Prenses Diana’yı ölüme gönderecek kadar şöhret kovalamaya meraklı olan İngiliz tabloid basını bu kararla yıkıldı, ancak yılmadı. Takip canavarı paparazziler ünlü kovalamaya devam etti.
Amerikalı sinema oyuncusu Gwyneth Paltrow da geçenlerde yeni doğmuş bebeği Apple’la birlikte böyle bir kovalamacaya maruz kaldı. USA Today gazetesine konuşan oyuncu, ‘Londra’da arabalarla insanları takip ediyorlar. Hepsini dava edeceğim. Beni hızlı araba kullanmaya zorlayarak çocuğumun hayatını tehlikeye attılar’ diyordu. Paltrow, mesleğiyle ilgili bir faaliyet içinde olmadığı sürece, kimsenin suratına kamera tutamayacağını söylüyordu.
İngiliz hukukçulara göre ise Paltrow’un mevcut yasa çerçevesinde hakimden alacağı yanıt şuydu: ‘Çocuğunuzun hayatını tehlikeye atmak istemiyorsanız, siz de yavaş sürün ki, basın mensupları fotoğrafınızı rahat çekebilsinler.’
Ancak Avrupa İnsan Hakları Mahkemesi’nin özel hayatla ilgili tarihi kararından beri hakimlerin basın özgürlüğünü kollarken artık iki kere düşünmesi gerekiyor.
KAMU ÇIKARI YETMEZ
1991 yılından kalma hesap, geçen temmuz ayında AİHM tarafından karara bağlandı. Prenses Caroline’in gündelik yaşantısından fotoğrafları basan Alman dergilerine yasak getirmeyen Alman Anayasa Mahkemesi, AİHM’deki davada suçlu bulundu. Prenses bu resimlerde kamusal görevlerini yerine getirirken değil; ata binerken, çocuklarını okuldan alırken, müstakbel kocasıyla gezinirken, lokantada yemek yerken, alışveriş yaparken görünüyordu. Bu görüntüler prensesin özel alanını yansıtıyordu. Ve Avrupa İnsan Hakları Konvansiyonu’nun sekizinci maddesi bu alanı koruma altına alıyordu.
Aynı sözleşmenin onuncu maddesi, basının bilgi edindirme hakkını teslim ediyordu ama, Avrupa mahkemesi, prensesin özel hayatıyla basın özgürlüğü arasına bir sınır çekmişti. Oysa Alman mahkemesi, ‘çağdaş toplumun önemli bir figürü’ olduğu gerekçesiyle prensese orta karar bir özel hayat biçmiş ve sadece çocuklarının göründüğü resimlerin yayınını engellemişti. AİHM’ye göre ise prenses, çok tanınmış biri olmasına karşın, kamuya açık alanda bile özel hayat hakkına sahipti. Hatta daha da öte, prensesin toplum içinde nasıl hareket ettiğini merak eden kamunun çıkarı olsa bile bu hakka sahipti. Fotoğrafların basılabilmesi için, bunların demokratik bir toplumda tartışma yaratacak nitelik taşıması gerekiyordu.
ALMANYA’YA BASKI
Basının şöhretlerin özel hayatına nüfuz edebilme lüksünü sınırlandıran bu karar, Fransa’daki yasayla hemen hemen paraleldi, ancak İngiltere açısından sorun yaratıyordu. İngiliz Basın Şikayet Komisyonu ve mahkemelerin başvuruları incelerken, AİHM kararını da dikkate alması gerekiyordu.
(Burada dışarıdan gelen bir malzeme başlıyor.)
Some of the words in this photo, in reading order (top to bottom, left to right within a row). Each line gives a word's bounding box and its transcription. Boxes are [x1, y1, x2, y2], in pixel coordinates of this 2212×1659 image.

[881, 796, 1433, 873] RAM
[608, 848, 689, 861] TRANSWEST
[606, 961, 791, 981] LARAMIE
Ancak İngiliz basın hukukçularına göre bu şartlarda, basın özgürlüğünün ihlal edilmemesine imkan yoktu ve hálá bir umut vardı. Almanya’nın AİHM kararına Büyük Mahkeme’de itiraz için üç aylık süresi bulunuyordu. Süre geçen hafta doldu ve İngiliz medyasından gelen bütün baskılara rağmen Almanya itiraz hakkını kullanmadı. Oysa itiraz kabul edildiği takdirde, dahili temyiz mekanizması çerçevesinde, aynı mahkemenin farklı bir yargıç heyeti davaya yeniden bakacaktı. Bu ihtimal ortadan kalktığına göre şimdi ne olacak? İngiltere’deki hukukçu görüşleri muhtelif. Bir kere, Avrupa’daki özel hayatı koruma yasaları arasında hayli derin farklar bulunduğu için, tek bir mahkeme kararının bunları uyumlu hale getirecek mekanizmayı tetiklemesi pek olası görülmüyor. Çünkü AİHM kararıyla kısıtlanan basın özgürlüğü anayasal bir hak.
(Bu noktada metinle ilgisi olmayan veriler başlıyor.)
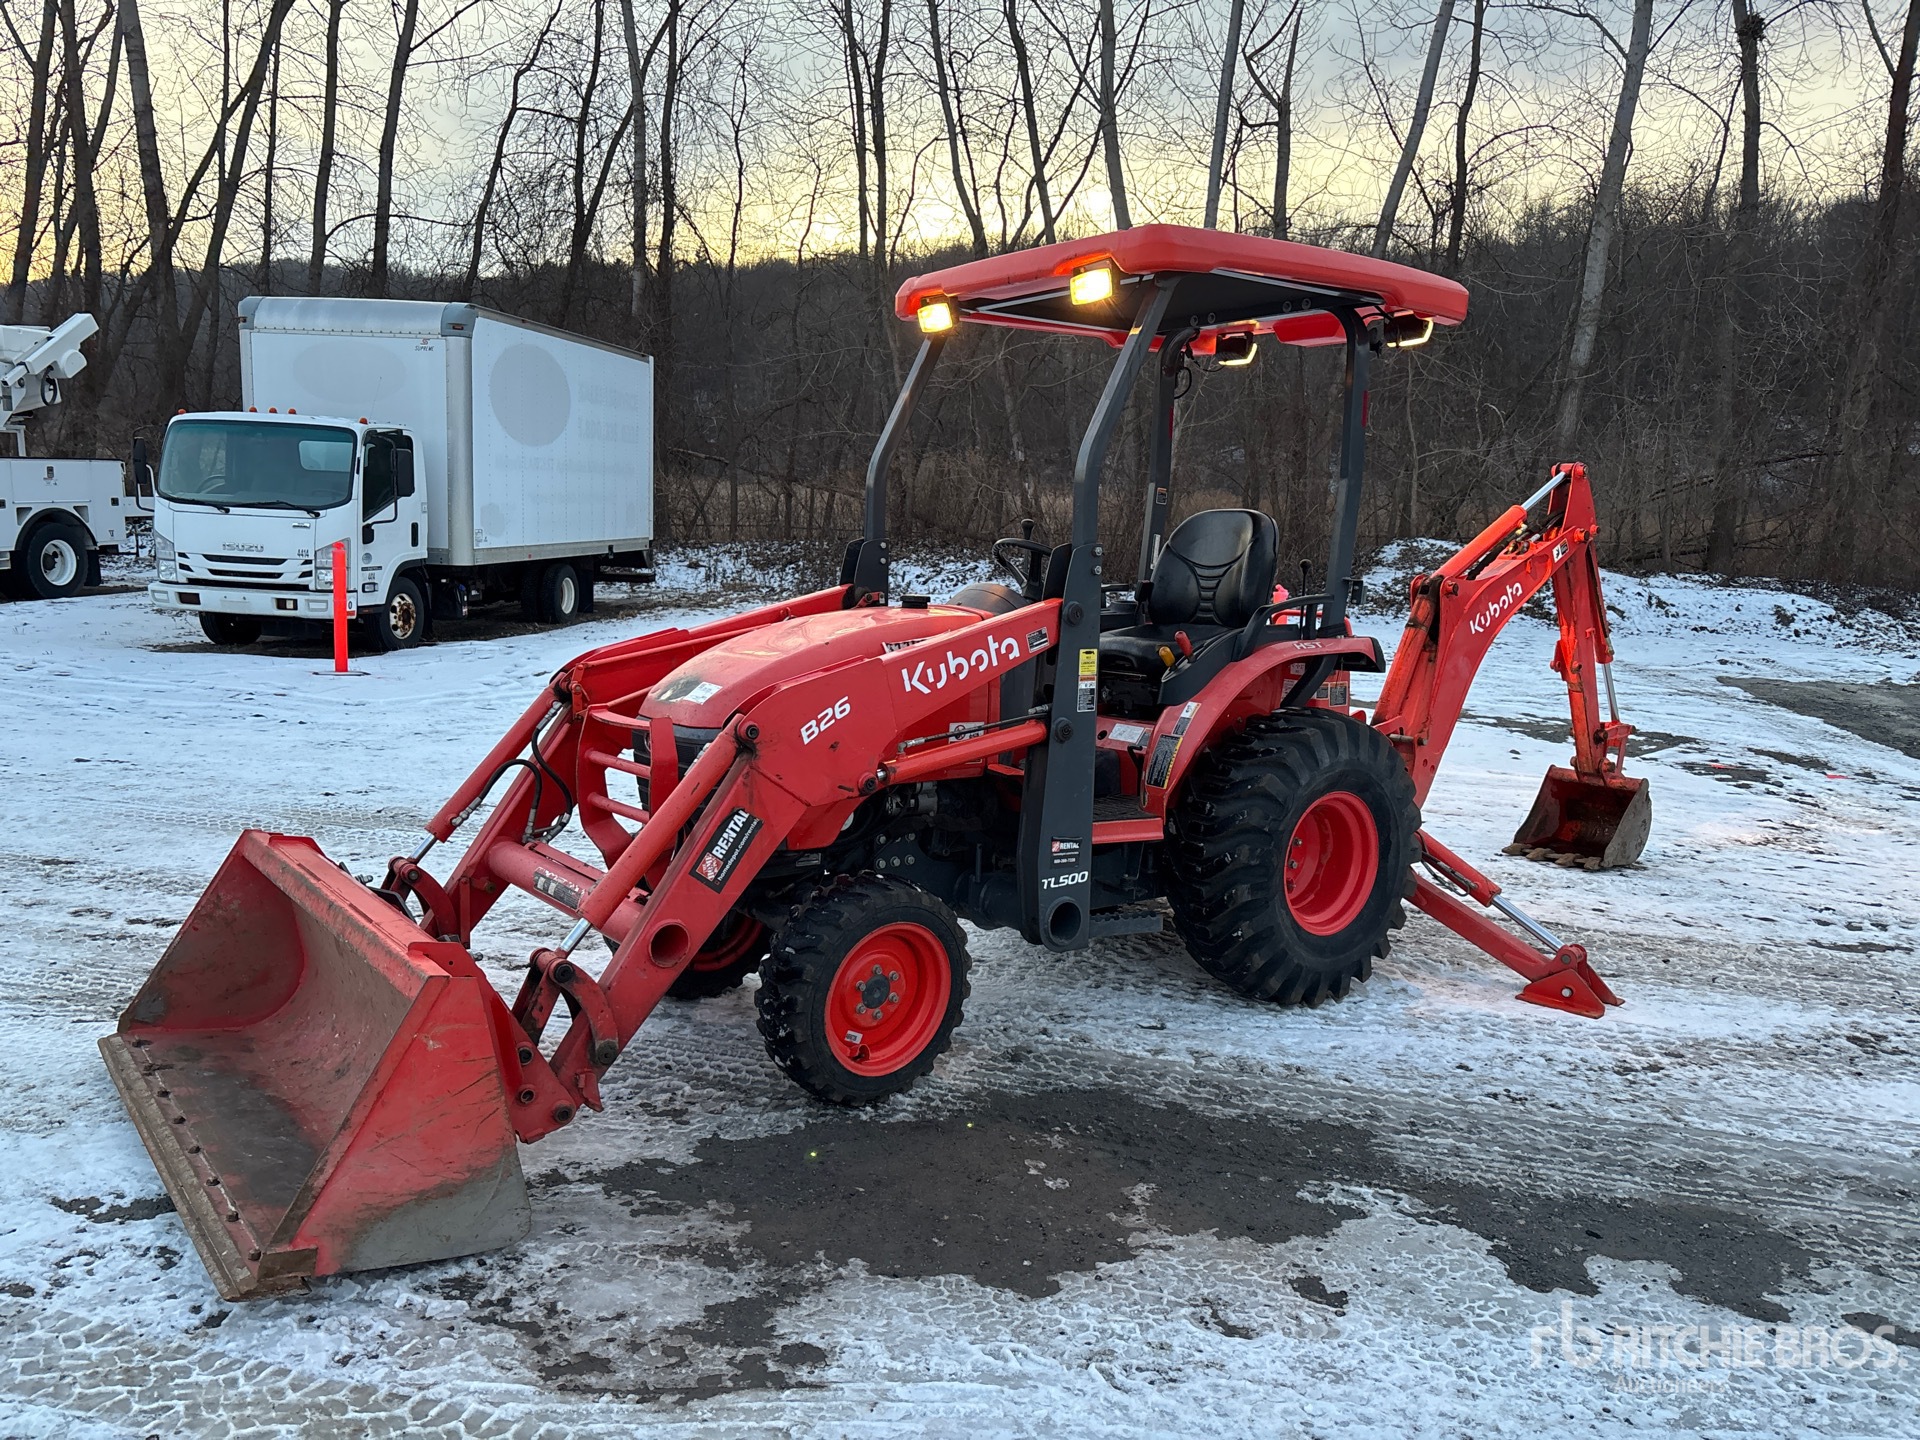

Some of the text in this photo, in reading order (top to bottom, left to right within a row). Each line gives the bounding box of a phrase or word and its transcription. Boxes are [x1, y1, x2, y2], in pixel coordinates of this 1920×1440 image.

[222, 542, 264, 552] ISUZU
[296, 549, 310, 558] 4414
[1469, 582, 1523, 635] Kubota
[1293, 641, 1323, 650] HST
[901, 634, 1020, 695] Kubota
[800, 695, 851, 746] B26
[711, 810, 750, 860] RENTAL
[1060, 842, 1080, 850] RENTAL
[1041, 871, 1089, 890] TL500
Şimdi özel hayat ile basın özgürlüğü arasına nereden sınır çekileceği tartışılırken, İngiliz basın hukuku uzmanı Amber Melville-Brown iki hak arasındaki hassas dengeye pratik bir açıklama getiriyor: ‘Ter lekeleri, selülitler ve vücuttaki sarkmalar sekizinci maddeye girer. Şımarık primadonnaların, objektiflere hazır olduğu an çekilen fotoğraflar ise onuncu maddeye.’